What this task involves
Word for word, restate the entries below and exclude every image.

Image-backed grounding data

★ ★ ★ ★ ★ ★ ★

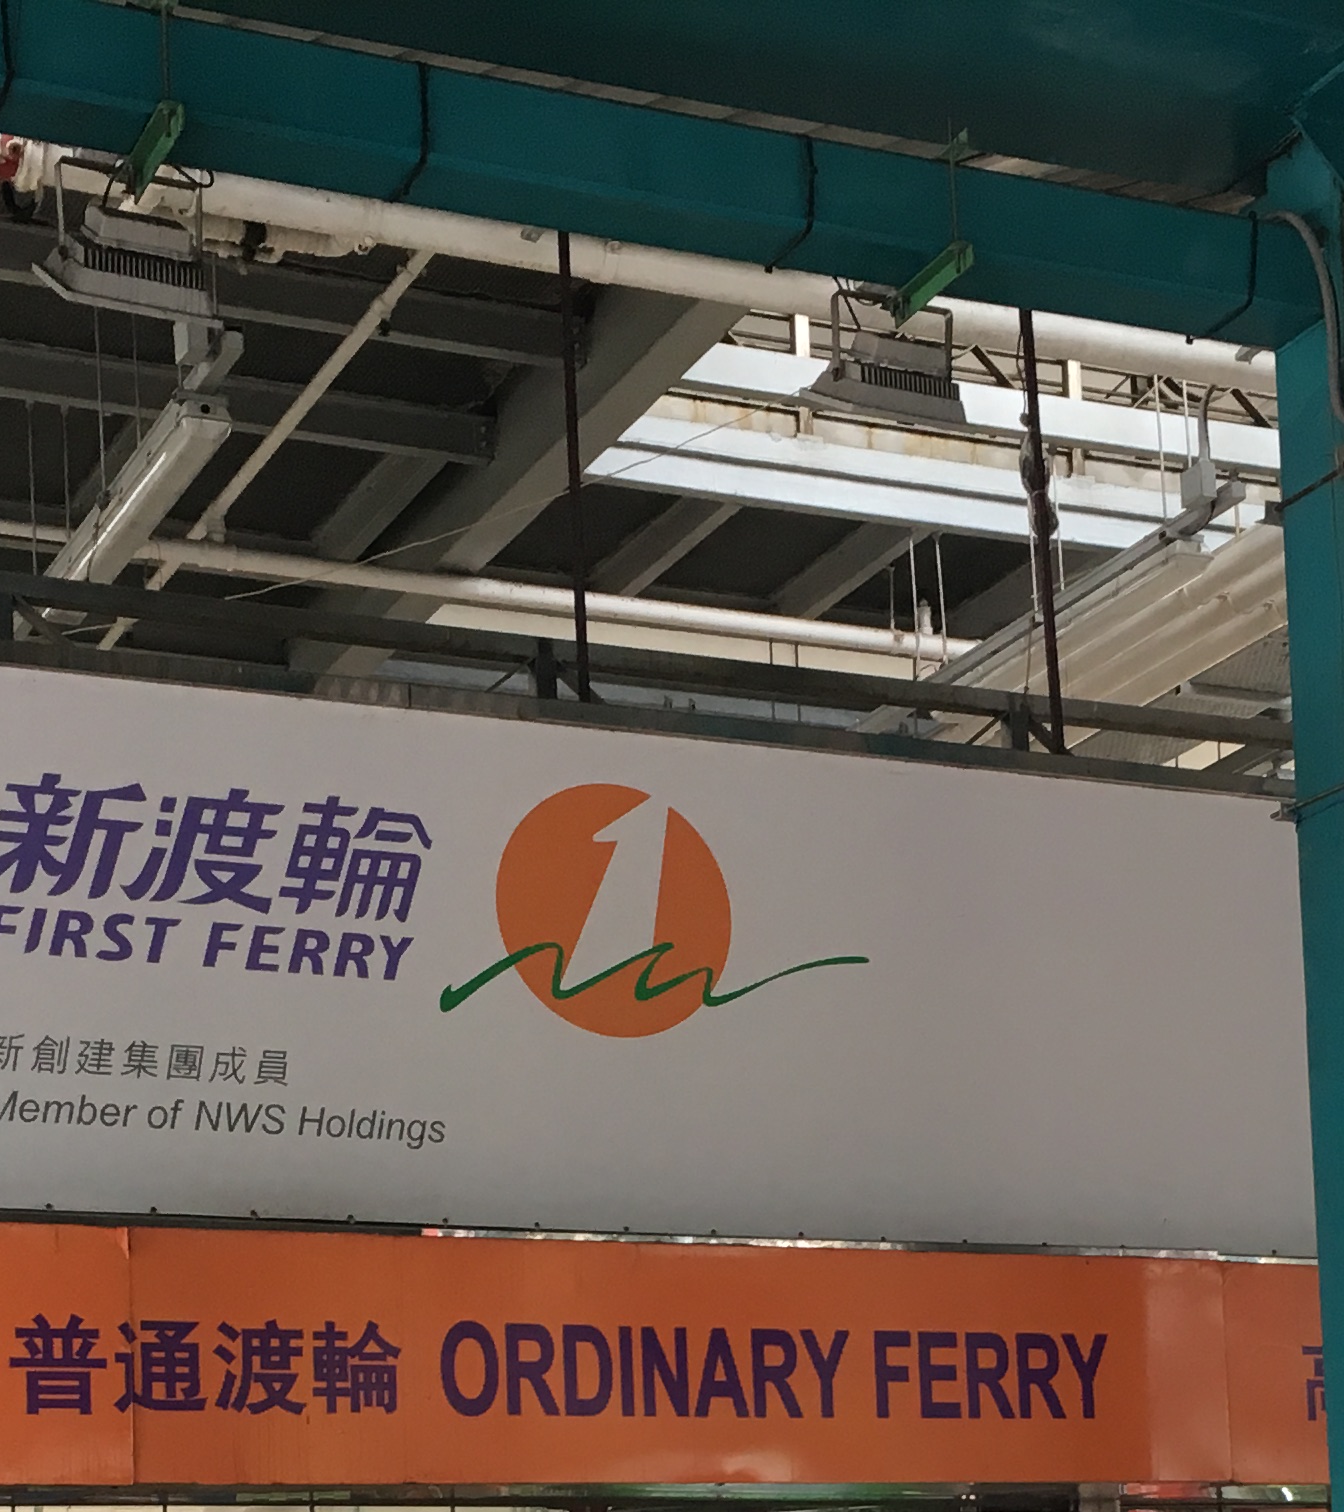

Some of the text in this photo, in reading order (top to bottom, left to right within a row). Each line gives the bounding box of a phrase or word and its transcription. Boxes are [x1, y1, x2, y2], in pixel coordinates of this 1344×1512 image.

[202, 921, 415, 983] FERRY
[146, 1098, 183, 1132] of
[194, 1102, 286, 1137] NWS
[299, 1105, 447, 1150] Holdings
[9, 1314, 402, 1416] 普通渡輪
[439, 1320, 1108, 1420] ORDINARY FERRY
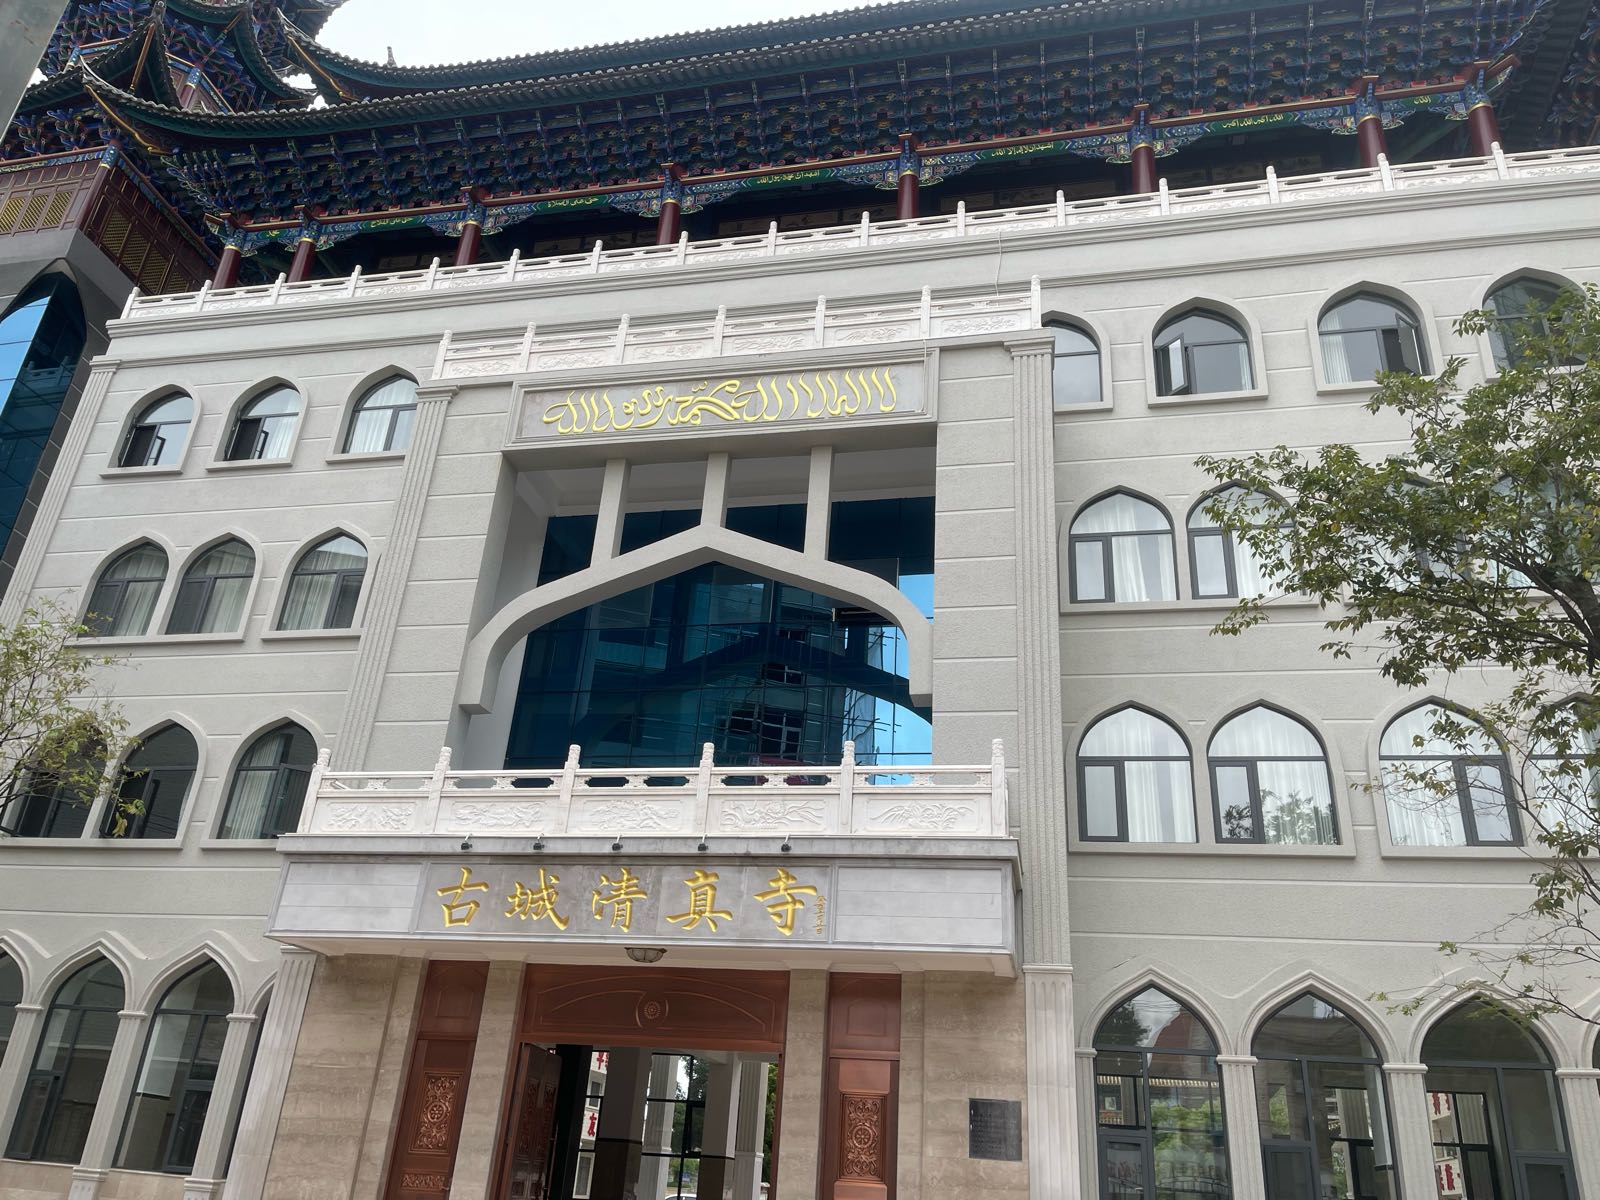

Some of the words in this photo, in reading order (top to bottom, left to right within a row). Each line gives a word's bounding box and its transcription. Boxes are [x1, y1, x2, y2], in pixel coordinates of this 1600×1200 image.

[436, 866, 818, 936] 古城清真寺

★ ★ ★ ★ ★ ★ ★

Your solution
Some of the text in this photo, in reading order (top to bottom, left to right within a row). Each line gives the bounding box of a phrase or word and its transcription. Boxes are [x1, y1, x2, y2], in pixel coordinates of this 1344×1512 image.

[202, 921, 415, 983] FERRY
[146, 1098, 183, 1132] of
[194, 1102, 286, 1137] NWS
[299, 1105, 447, 1150] Holdings
[9, 1314, 402, 1416] 普通渡輪
[439, 1320, 1108, 1420] ORDINARY FERRY

Some of the words in this photo, in reading order (top to bottom, left to right within a row). Each line gives a word's bounding box and its transcription. Boxes are [x1, y1, x2, y2], in pixel coordinates of this 1600×1200 image.

[436, 866, 818, 936] 古城清真寺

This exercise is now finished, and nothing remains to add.